I have found that a Facebook account is slowly becoming a necessity. People are beginning to ignore more direct ways of actually talking to each other, and are instead simply using Facebook. Its apps are pointless, yet people treat them like they are insanely important and you absolutely MUST send them to everyone you know.

A personal story of my own may also help. I am in my high school's Repertory Theater, and the cast has frequent social events where we all just get together and hang out. Two such events I almost completely missed because the announcements of them were on Facebook, and Facebook only. There was no mention of them anywhere else, especially not during rehearsal.

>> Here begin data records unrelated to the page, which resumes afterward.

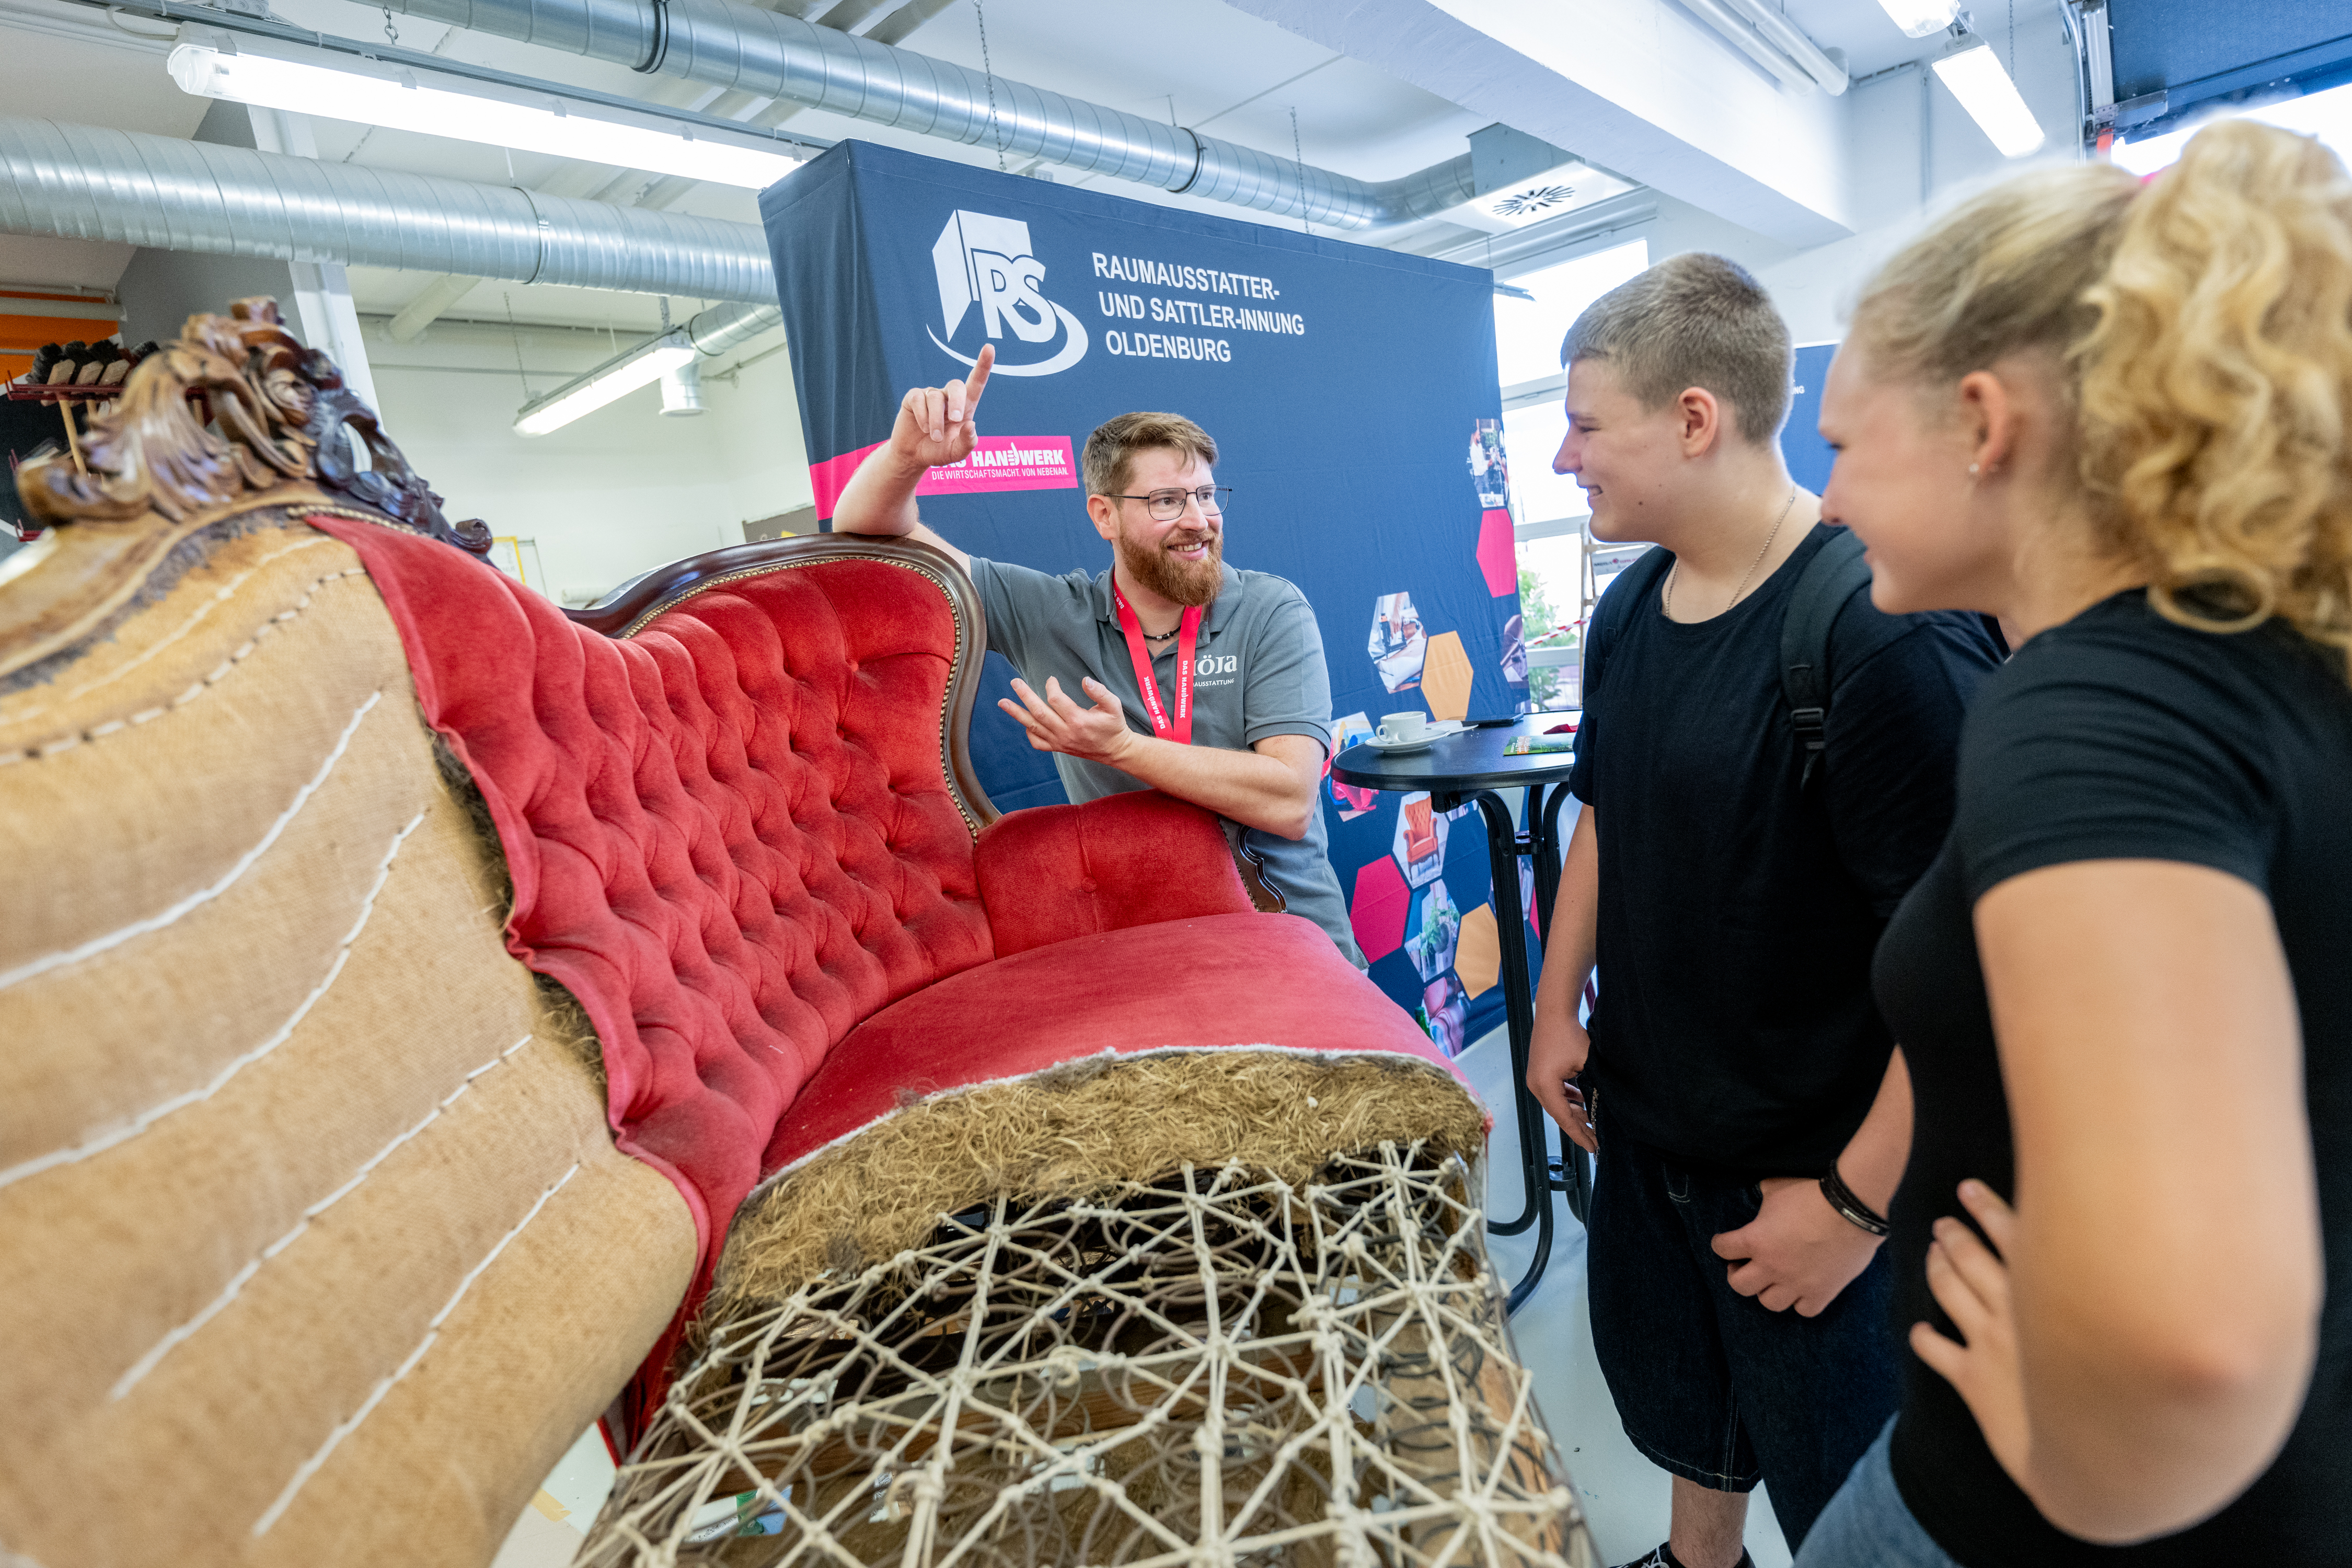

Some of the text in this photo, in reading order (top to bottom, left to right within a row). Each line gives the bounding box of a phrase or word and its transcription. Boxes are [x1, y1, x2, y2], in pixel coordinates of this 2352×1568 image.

[1092, 252, 1279, 300] RAUMAUSSTATTER-
[1099, 292, 1305, 335] UND SATTLER-INNUNG
[1106, 330, 1231, 362] OLDENBURG
[932, 467, 1069, 480] DIE WIRTSCHAFTSMACHT. VON NEBENAN.
[1157, 715, 1166, 729] DAS

I believe that it has come to the point where people simply expect you to have a Facebook account. In addition to whether or not you agree with this, there is also the question of whether this being a fact would be positive or negative. I personally believe it would be negative, but I'm interested to see what you all think.
 

pyrotek7x7

Smash Ace
Joined
Aug 16, 2005
Messages
541
Location
USA
My first thought is just that Facebook has spread in different areas. It sounds like your school is quite reliant, but others may not be.

Apps aren't always being treated as insanely important. I never use them, they're boring and silly. Some people do use them, and the only reason they send it to others is because it requires you to do so. The only problem I do have with Facebook is how every, and I mean EVERY application wants you to invite others. Each invite I receive I will ignore, but it still can get annoying.

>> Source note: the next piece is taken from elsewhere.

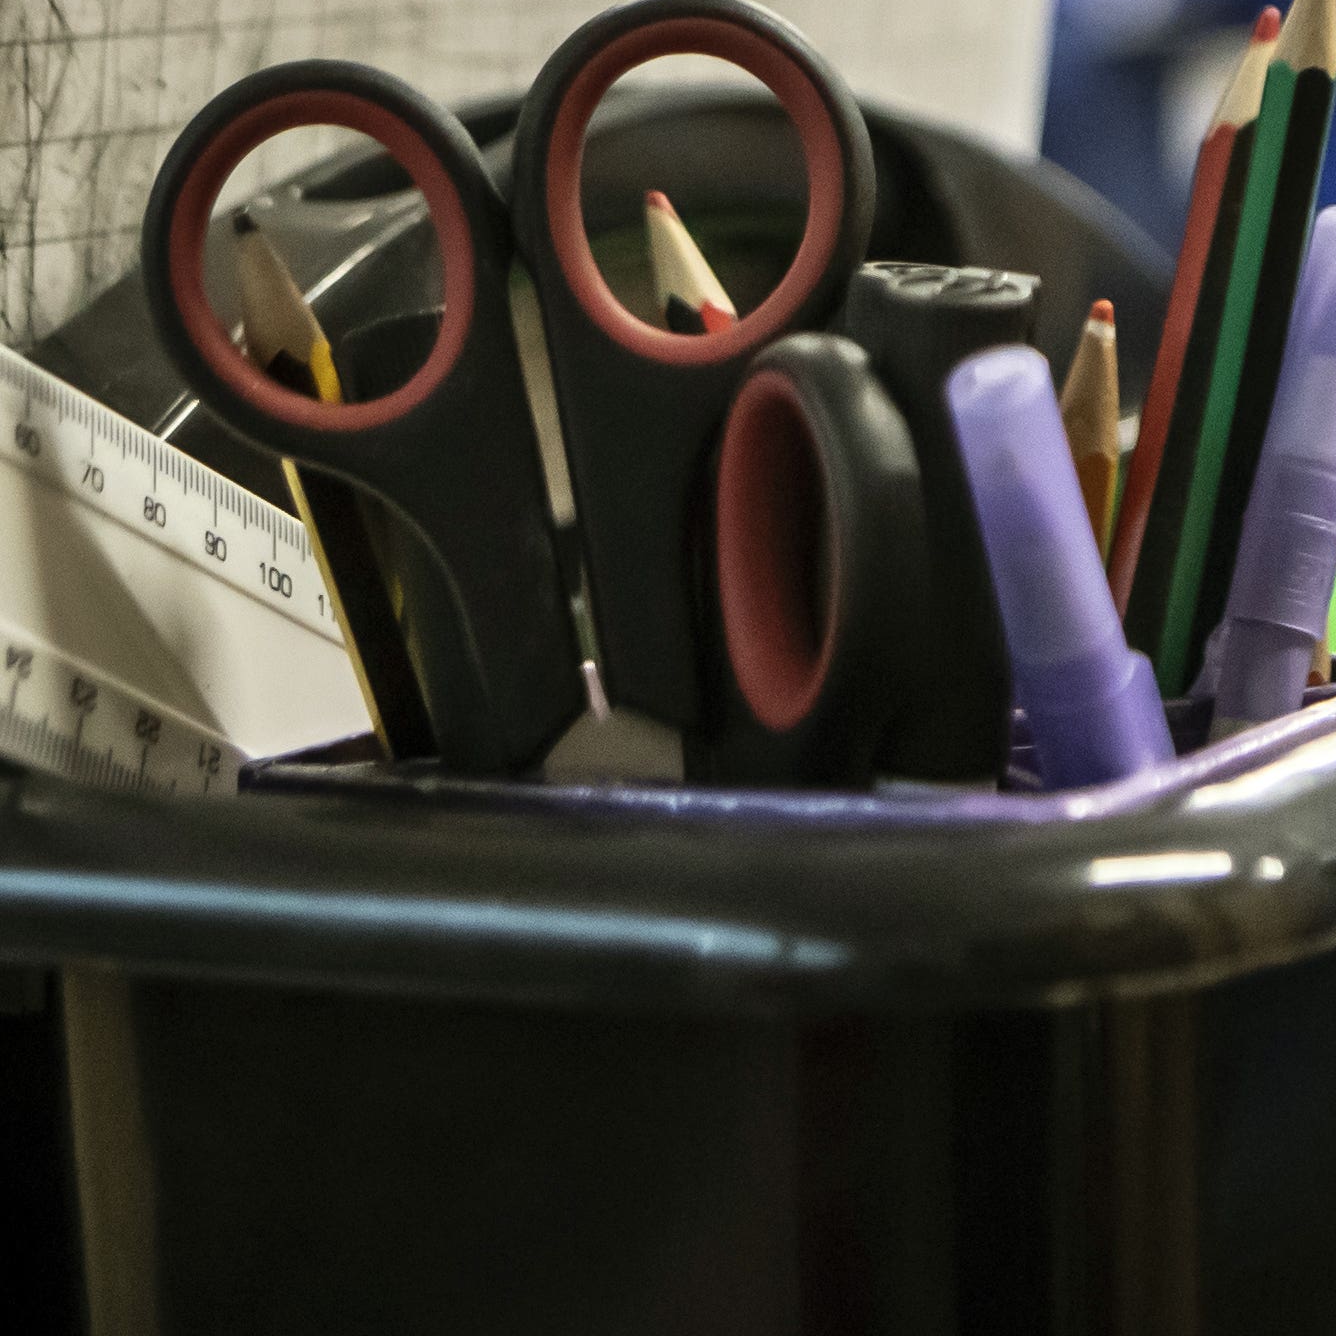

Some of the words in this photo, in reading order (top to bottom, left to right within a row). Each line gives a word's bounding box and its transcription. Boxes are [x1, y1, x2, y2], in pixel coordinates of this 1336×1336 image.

[143, 495, 167, 528] 80
[204, 530, 228, 562] 90
[259, 562, 293, 599] 100

Facebook may just end up becoming a bulletin board for the world. I wouldn't mind that at all.
 

Firus

You know what? I am good.
BRoomer
Joined
Apr 7, 2008
Messages
7,681
NNID
OctagonalWalnut
3DS FC
0619-4291-4974
It's becoming more prominent than it should be in my opinion. People abuse status messages by making them minute-by-minute updates on what they're doing. Who cares?

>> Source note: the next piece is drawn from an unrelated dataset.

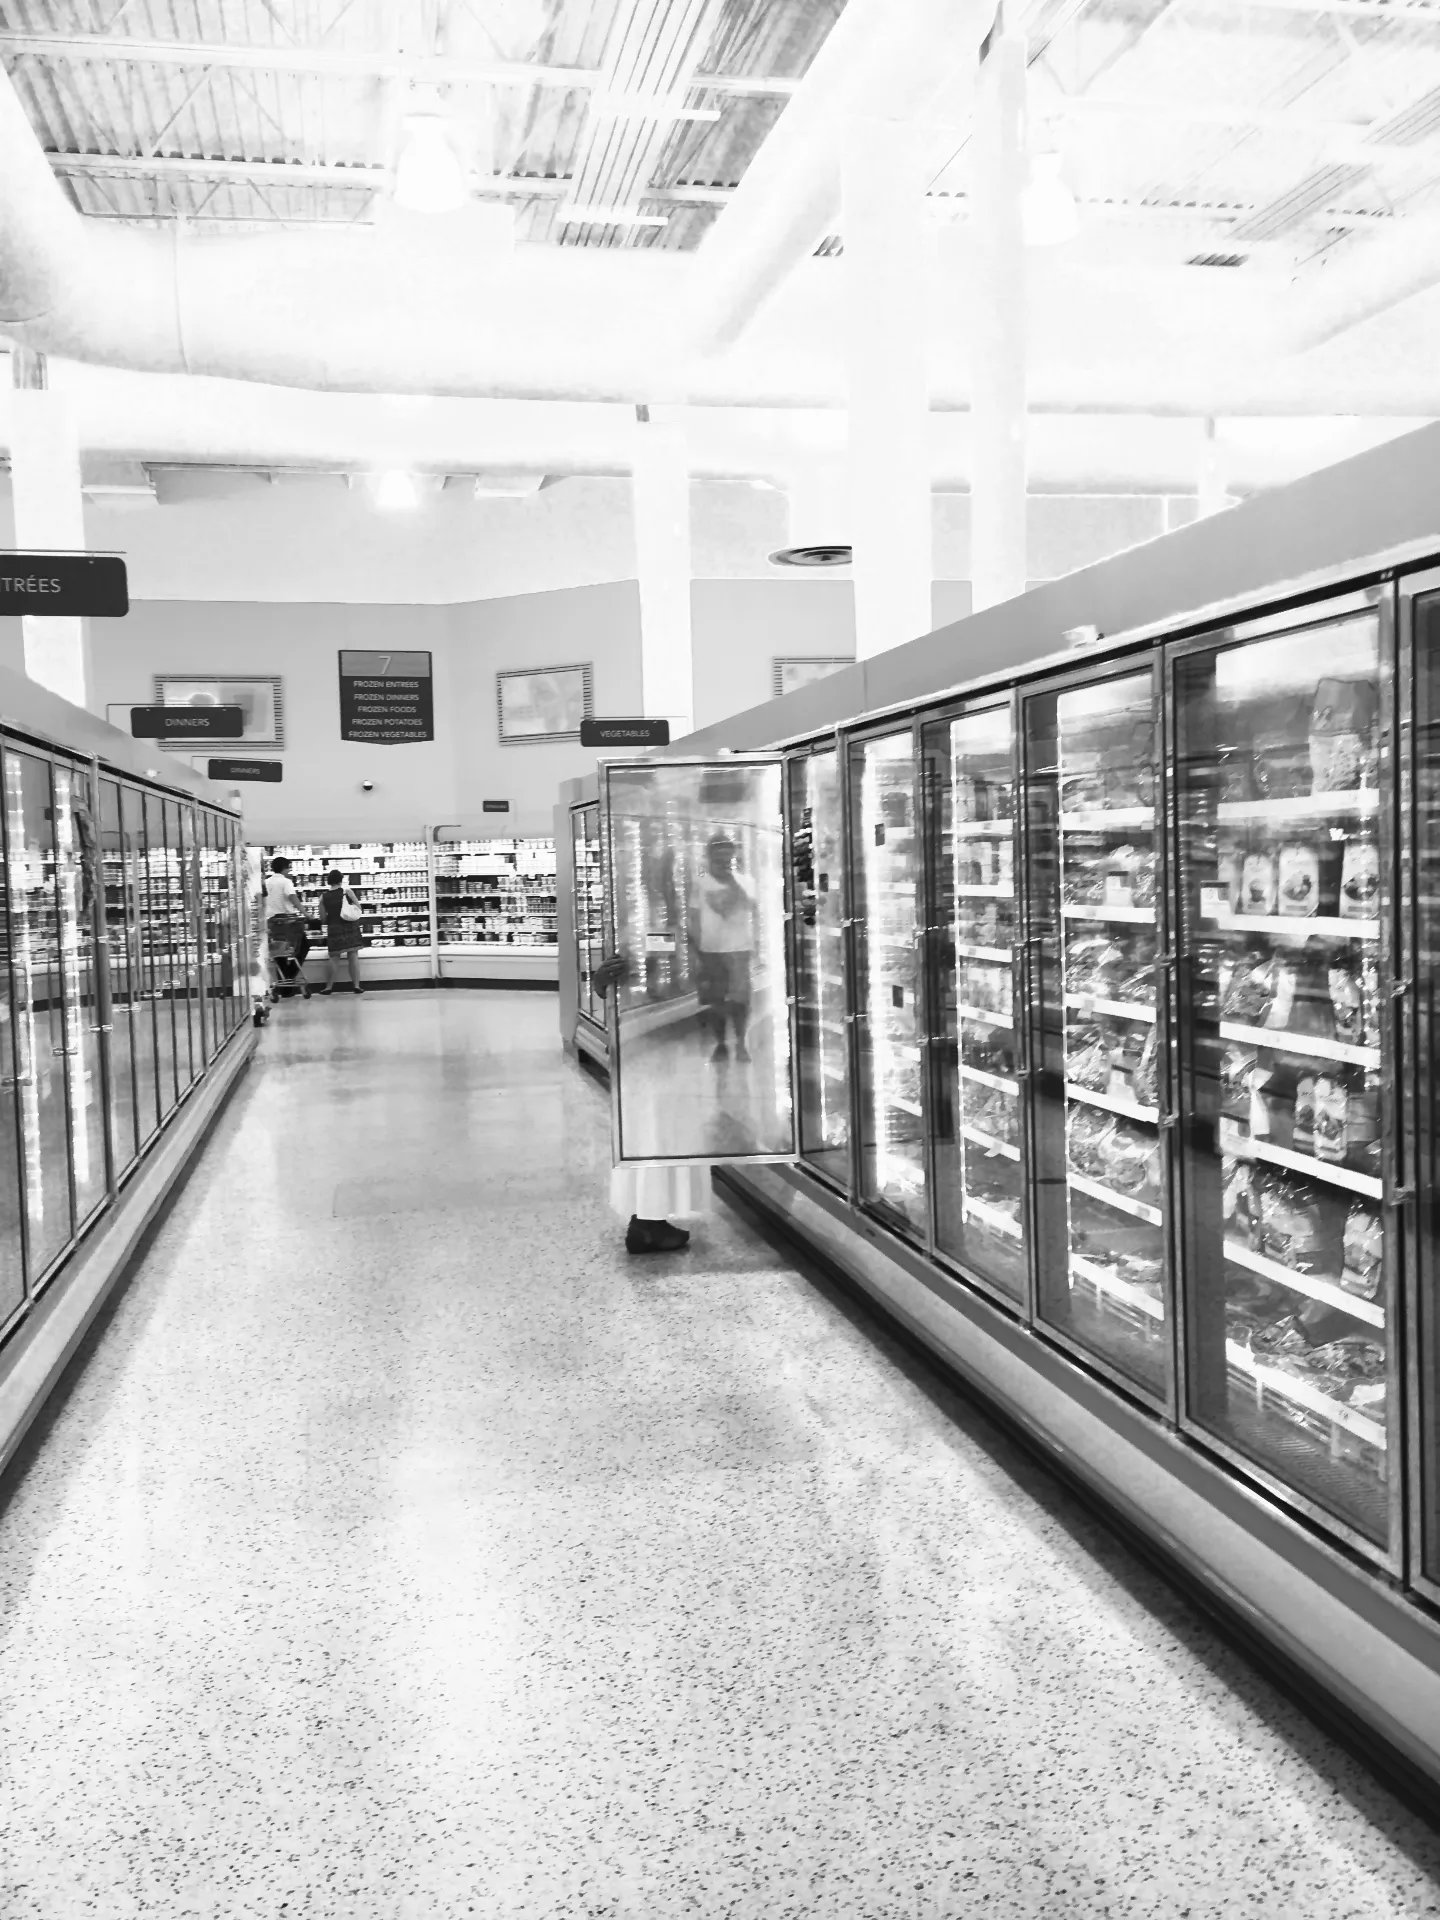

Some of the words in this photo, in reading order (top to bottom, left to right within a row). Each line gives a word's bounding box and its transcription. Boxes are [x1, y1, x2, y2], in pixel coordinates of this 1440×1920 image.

The apps are definitely pointless. Especially really caddy ones like the Honesty Box, Compare People, and Top Friends. I refuse to get those apps, because they are going to hurt things. Like, seriously; who RANKS their friends and tells them their ranking? That's so superficial.

Mostly, I find it to be rather useless personally since only a handful of my good friends actually use it, and those who do barely use it anyways. It has been an effective form of communication when they use it, though, which I see nothing wrong with.

In your case, however, Darkurai, that's ridiculous. There's nothing wrong with contacting you via Facebook, but if they're given the opportunity in person, it's stupid that they wouldn't try that as well.
 

Oracle

Smash Master
Joined
Apr 15, 2008
Messages
3,471
Location
Dallas, TX
It's definitely becoming more prominent. But is that actually bad?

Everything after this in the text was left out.